Photo: RNZ / Diego Opatowski
Courts will have to grapple more and more with AI fakes and it might take law changes to keep them out of trials, the government's chief legal advisers say.
Crown Law's long-term insights briefing to a parliamentary select committee on Thursday morning turned quickly to questions around the reliability of evidence in the age of deep fakes.
The ability of generative artificial intelligence (such as large-language models that generate text, or image generating AI) "to facilitate the production of fake evidence will increase and could challenge evidential integrity in the justice system", said its long-term briefing report.
It was a growing global problem, it said.
"Is it what the Crown or the Defence say it is? Does it have the truth that the particular photo or text purports to have, or is it fake?" Deputy Solicitor-General Madeleine Laracy told the select committee.
Deputy Solicitor-General Madeleine Laracy, right. Photo: RNZ / Angus Dreaver
"These create really tangible problems during trials" that they only had the normal tools of admissability to try to deal with.
The briefing suggested two ways to tackle it but both had big implications; for instance, lawmakers could bring in a new "admissability threshold" but if that meant all digital evidence was checked for reliability that would "impose a significant additional burden" on both sides in criminal trials - and this in an already log-jammed system.
MPs asked: "Have we seen fake evidence from AI in courts today?"
Laracy noted one case she was familiar with, where the defence challenged the metadata that sat behind Crown evidence. This went back to asking what other "human evidence" there was to support that the evidence was reliable.
When RNZ asked Crown Law for more details, it said the case was still before the courts which had ordered broad suppression.
The briefing said there were numerous examples overseas where counsel and self-represented defendants had been reprimanded for using cases that had been "hallucinated" (made up) by AI.
It referred to a case in London in 2025 that cited a New Zealand commercial case where a draft about "apparently non-existent cases" led to a challenge.
Solicitor-General Una Jagose KC. Photo: Reece Baker/RNZ
Solicitor-General Una Jagose KC said the fake in a case presumably could be anything - "it could look like an email ... It could look like a recording of a person who makes an admission".
Crown Law's 31-page briefing said current cases suggested this was not widespread but Crown prosecutors told them about the "early signs ... [that] signal that authenticity challenges will become more common as technology advances".

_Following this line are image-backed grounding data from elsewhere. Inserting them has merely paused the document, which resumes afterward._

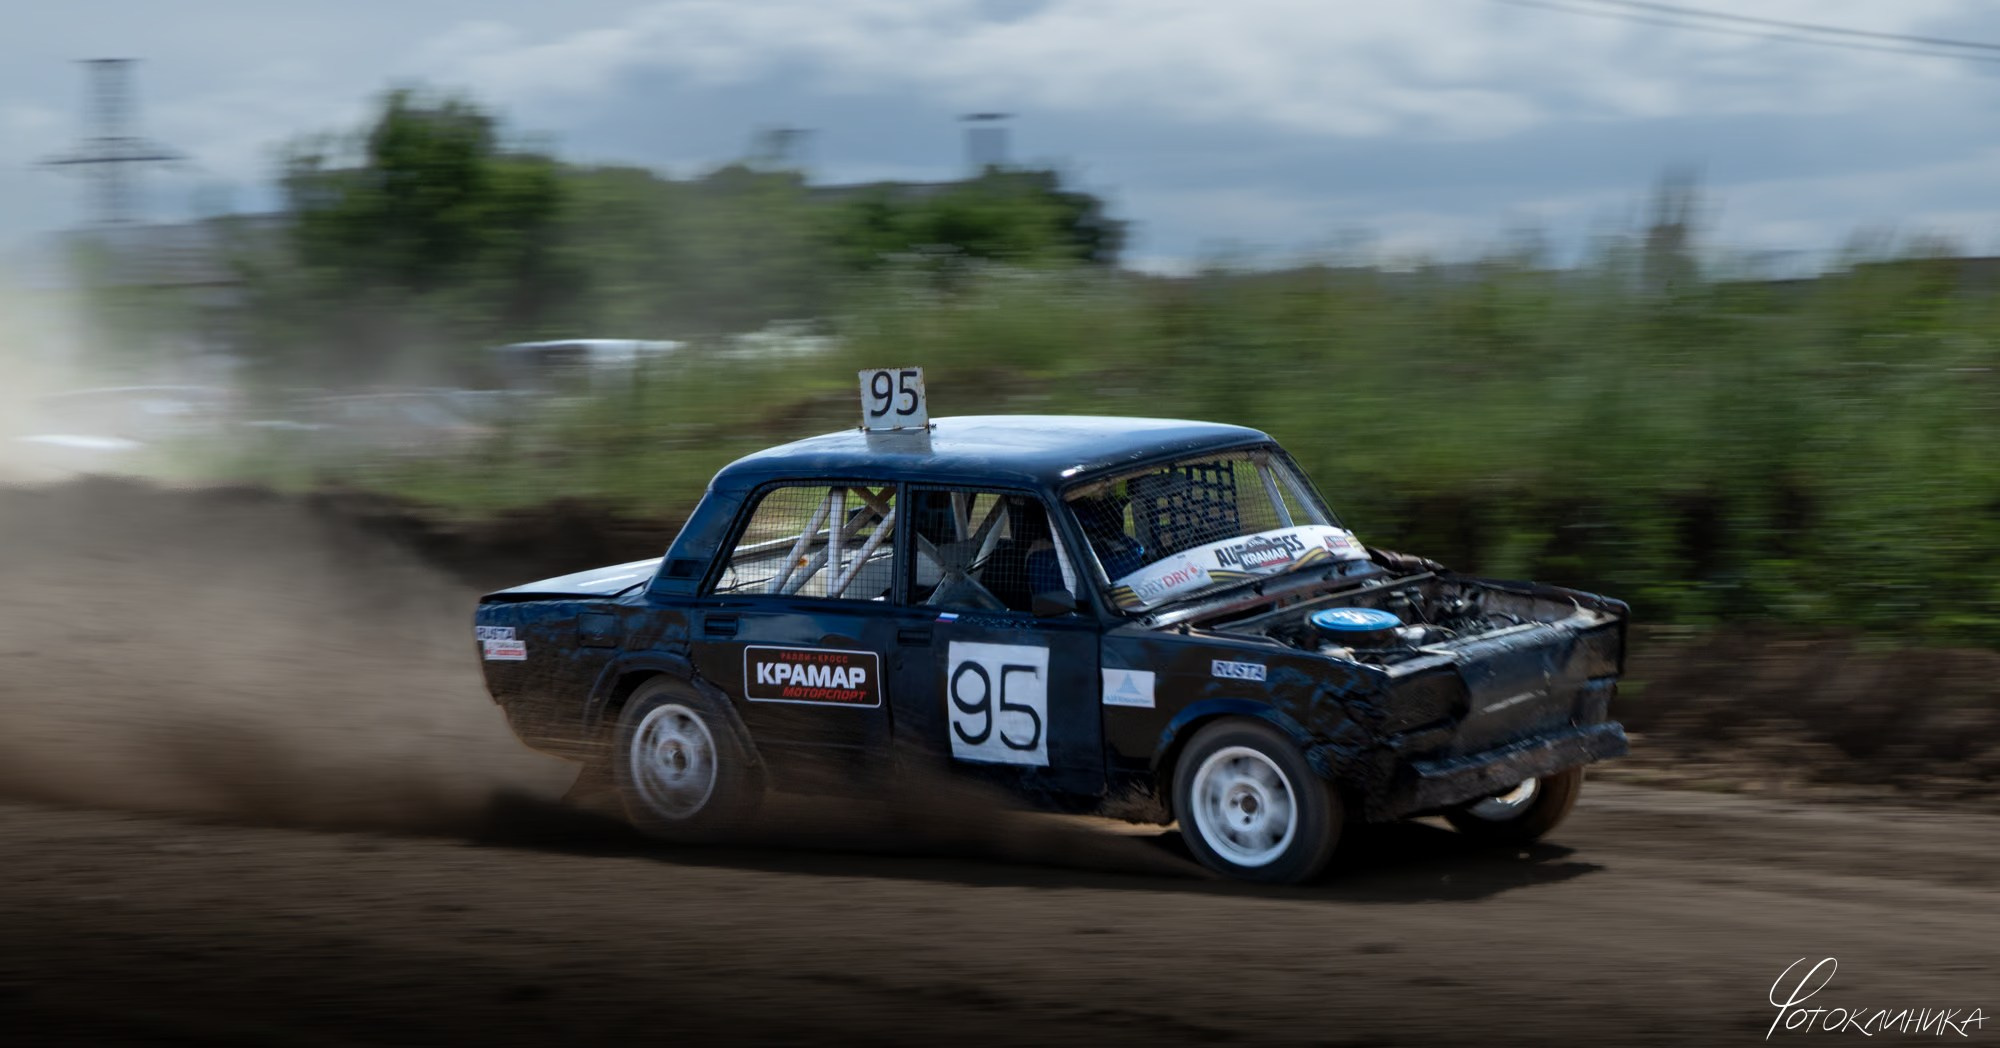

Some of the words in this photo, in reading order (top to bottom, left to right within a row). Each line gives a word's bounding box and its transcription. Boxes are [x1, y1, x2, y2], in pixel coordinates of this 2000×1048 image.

[870, 371, 919, 417] 95
[1240, 546, 1290, 568] KRAMAR
[756, 661, 866, 690] КРАМАР
[1215, 662, 1264, 679] RUSTA
[782, 686, 867, 702] МОТОРСПОРТ
[950, 660, 1042, 751] 95

"In one case there was an allegation during cross-examination of a Crown witness that Crown evidence was doctored in some way. In another, a Crown prosecutor was questioned (without basis) about using GenAI to write submissions.
"Media reports also indicate a self-represented defendant in a murder trial claimed that CCTV footage relied on by the Crown was fake.

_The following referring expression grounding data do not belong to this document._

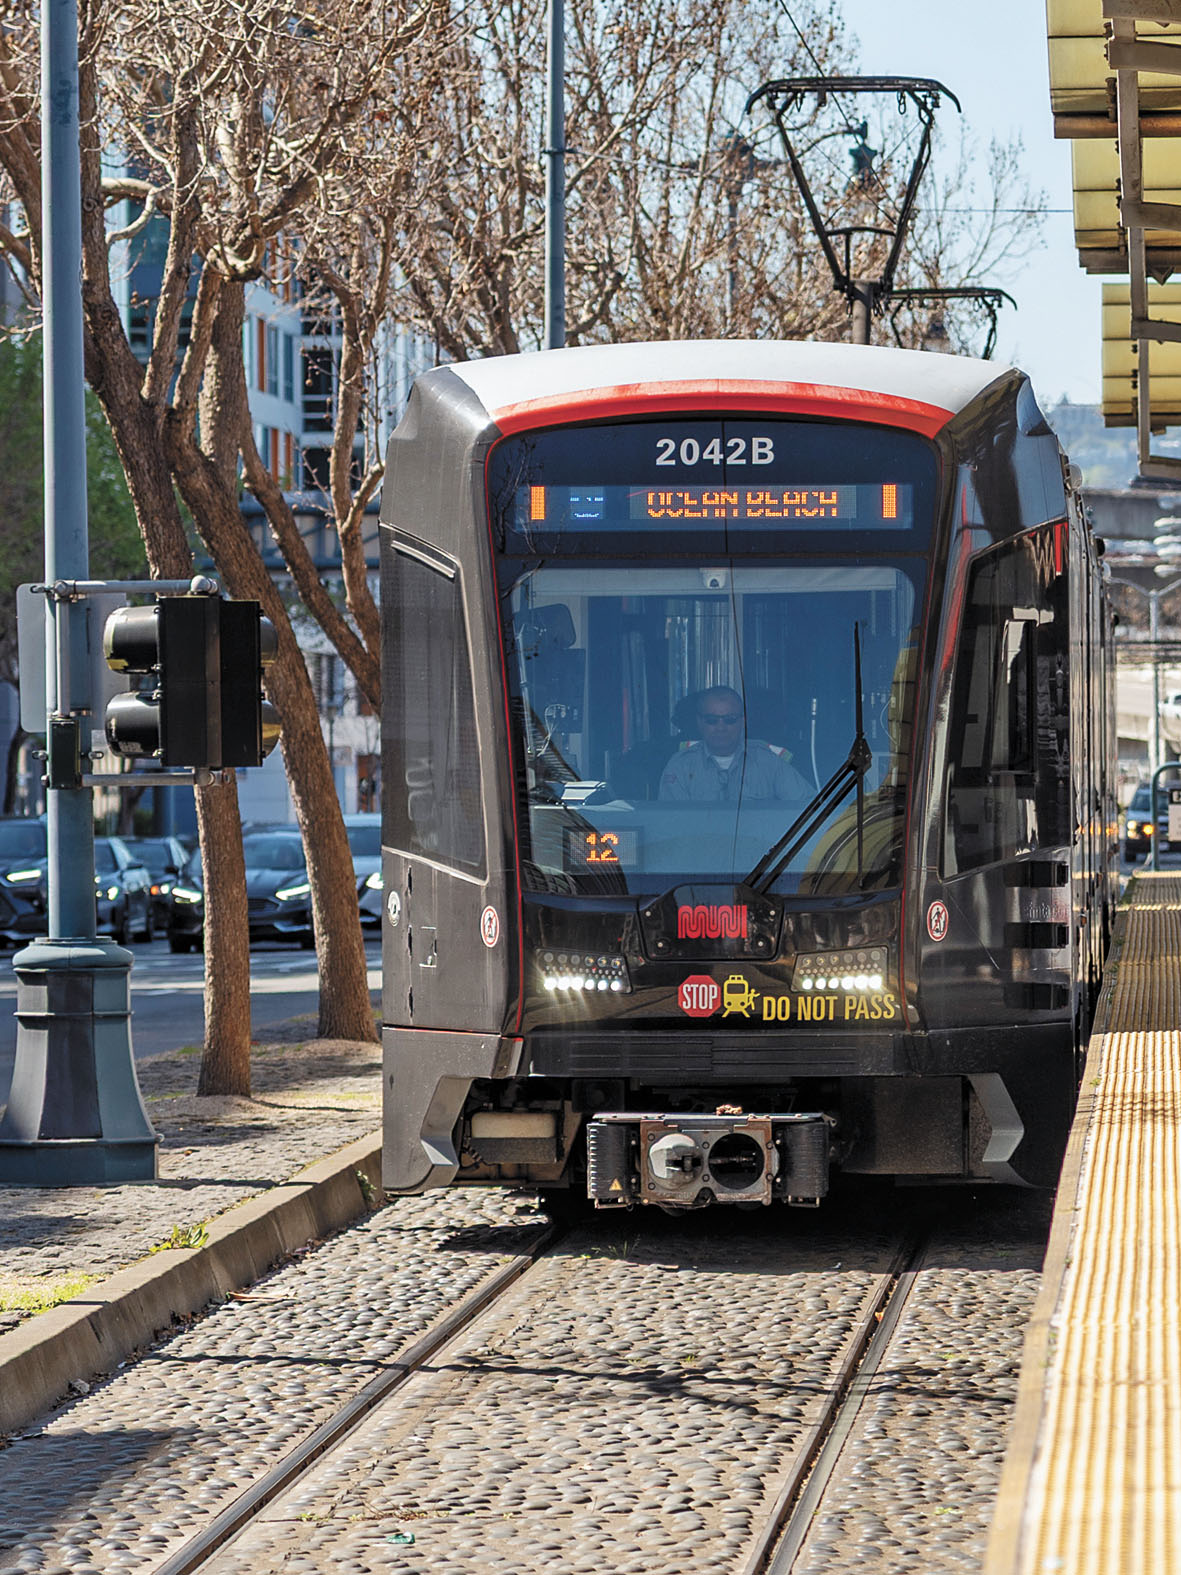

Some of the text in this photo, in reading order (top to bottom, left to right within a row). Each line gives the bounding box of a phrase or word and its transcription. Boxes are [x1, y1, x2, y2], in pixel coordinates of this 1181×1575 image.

[656, 437, 775, 466] 2042B
[648, 491, 837, 518] OCEAN BEACH
[586, 832, 619, 862] 12
[682, 982, 718, 1010] STOP
[762, 993, 896, 1022] DO NOT PASS

"The Crown challenged the evidence given by the accused and he in turn alleged the Crown had produced false CCTV and other evidence."
The question became how to adapt - prosecutors, for instance, would have to become adept at recognising what defence evidence to challenge, and to respond to defence AI challenges, said the briefing.
"If the problem of fake evidence becomes widespread, it could become standard police procedure to analyse any evidence that will be relied on by a Crown witness, to enable assurances to be made to a future jury of its authenticity," said the briefing.
It was also anticipated they would need more experts who could testify about the integrity of metadata, said Jagose.
"The real challenge" was around defence evidence because it did not have to give the Crown a heads-up on it to allow time to check it, Laracy said.
"Verification procedures could delay trials which would not be desirable," said the briefing.
The courts are already log-jammed and backed-up.
The committee discussed if that might require law changes for notification periods around evidence that might pose AI questions-of-origin.
The briefing discussed that, and a second "high level strategic" of the "admissability threshold".
Labour MP Vanushi Walters asked about the reliability of the advice that prosecutors might be getting from AI.
The Solicitor-General imposes a two-part test that has to be met to go ahead and prosecute, around if the evidence is sufficient and the public interest.
Jagoes said so far, there were no guidelines on that and there might come a time that AI made those decisions more efficient.
"I suspect that, well, I'm the Solicitor-General till next Friday, but I suspect that the Solicitor-General will always be anxious that criminal prosecution decisions are being made by a human because of the judgment and all the requirements and all the balancing of the public interest that needs to go into it.
"Maybe machines will be able to do that in the future but that's a very long way away I'd say," said Jagose.